Scientists at St. Jude Children's Research Hospital have identified distinctive genetic changes in the cancer cells of children with acute lymphoblastic leukemia (ALL) that cause relapse.

The finding offers a pathway to designing treatments for ALL relapse in children and, ultimately, in adults.

The most common childhood cancer, ALL affects thousands of children annually in the United States. Although more than 80 percent of ALL cases are cured, relapse is a significant problem, with only 30 percent of children with relapsed ALL surviving.

Previous studies had found some evidence for genetic differences between the cancer cells of ALL patients at initial diagnosis and those who relapsed. That information was limited, and there had never been a broad comparison of the entire genomes of ALL at initial diagnosis and at subsequent relapse.

In the study that appears in the Nov. 28, 2008, issue of the journal Science , St. Jude researchers compared the genomes of the cancer cells of 61 childhood ALL patients when they were initially diagnosed and after they had relapsed. The investigators used millions of genetic markers-characteristic genetic variations called single nucleotide polymorphisms-as guideposts to pinpoint genetic changes characteristic of relapsed cells. Using these genetic markers, the researchers analyzed all of the cells' chromosomes to look for genetic changes called copy number abnormalities specific to relapsed cells. These changes are considered a major type of damaging gene alterations in ALL.

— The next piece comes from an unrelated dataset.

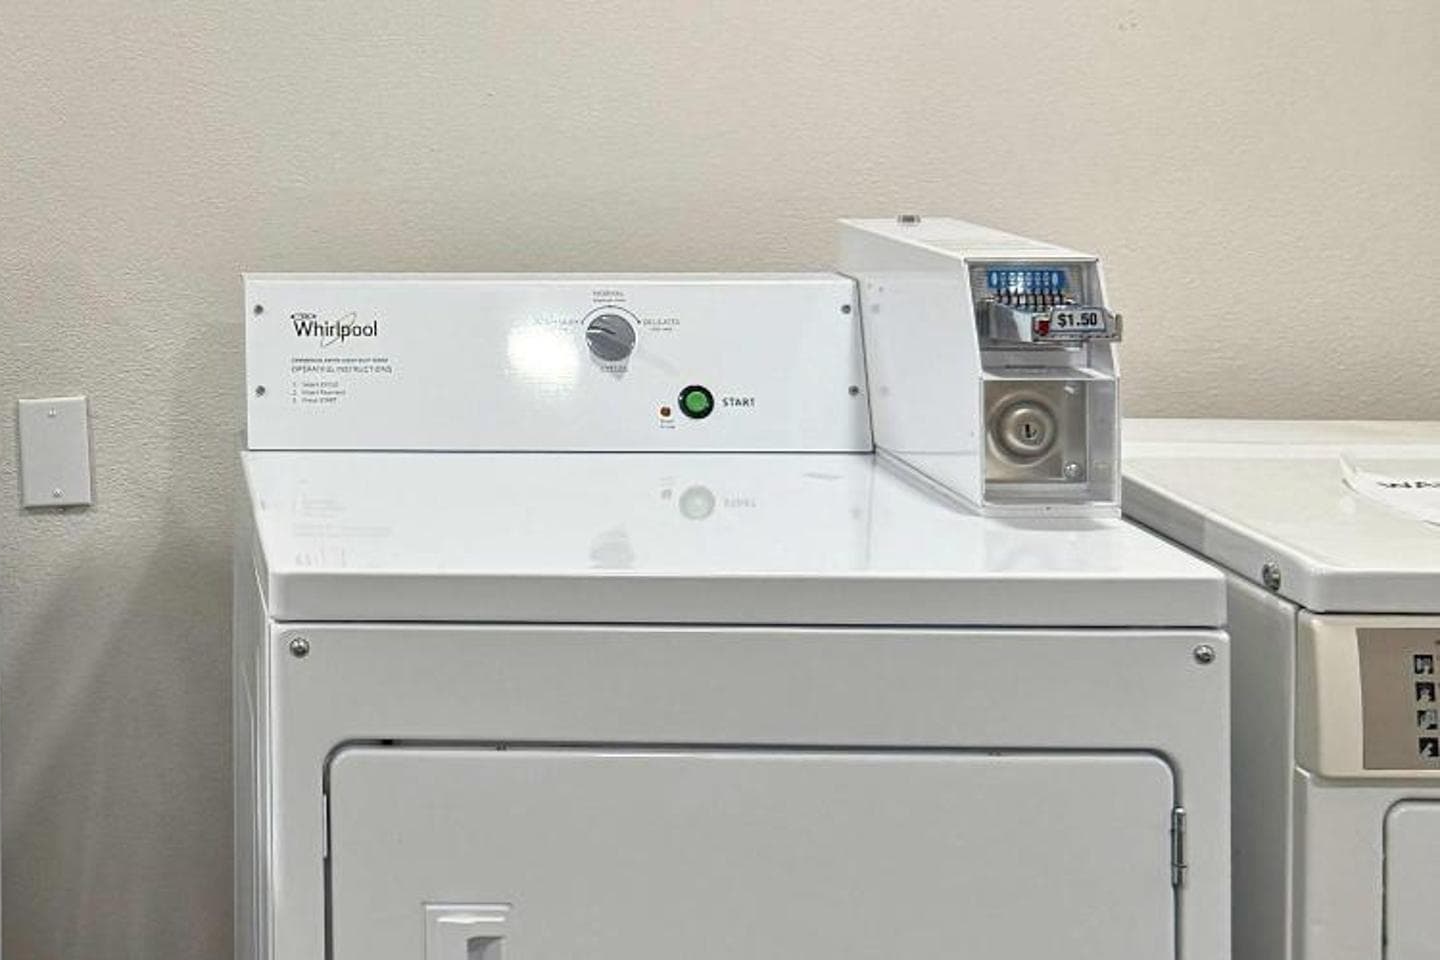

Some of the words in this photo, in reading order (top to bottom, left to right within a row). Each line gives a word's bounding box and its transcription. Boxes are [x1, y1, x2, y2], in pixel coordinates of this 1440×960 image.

[1057, 312, 1098, 328] $1.50
[293, 319, 378, 342] Whirlpool
[721, 397, 755, 407] START

"In more than 90 percent of the cases, we found differences in the genetic alterations present at the time of diagnosis and at the time of relapse," said Charles Mullighan, M.D., Ph.D., assistant member in the St. Jude Department of Pathology and the paper's first author. "Examining the new changes that are arising at relapse tells us a lot about the individual genetic lesions that might confer resistance to treatment and be responsible for relapse."

According to the researchers, the relapse-related genetic changes commonly disrupted the machinery by which white blood cells called B cells mature and proliferate. Importantly, the relapse-related genetic changes only infrequently involved genes directly regulating the responsiveness to anti-cancer drugs.

The analysis also indicated that in most cases, the cancer cells responsible for relapse were related to those that originally gave rise to the cancer. Those relapse cells were present at low levels at diagnosis, the scientists' analysis indicated. However, in a few cases, the relapse cells evolved from genetically distinct cells, indicating that the relapsed leukemia was actually an entirely new cancer.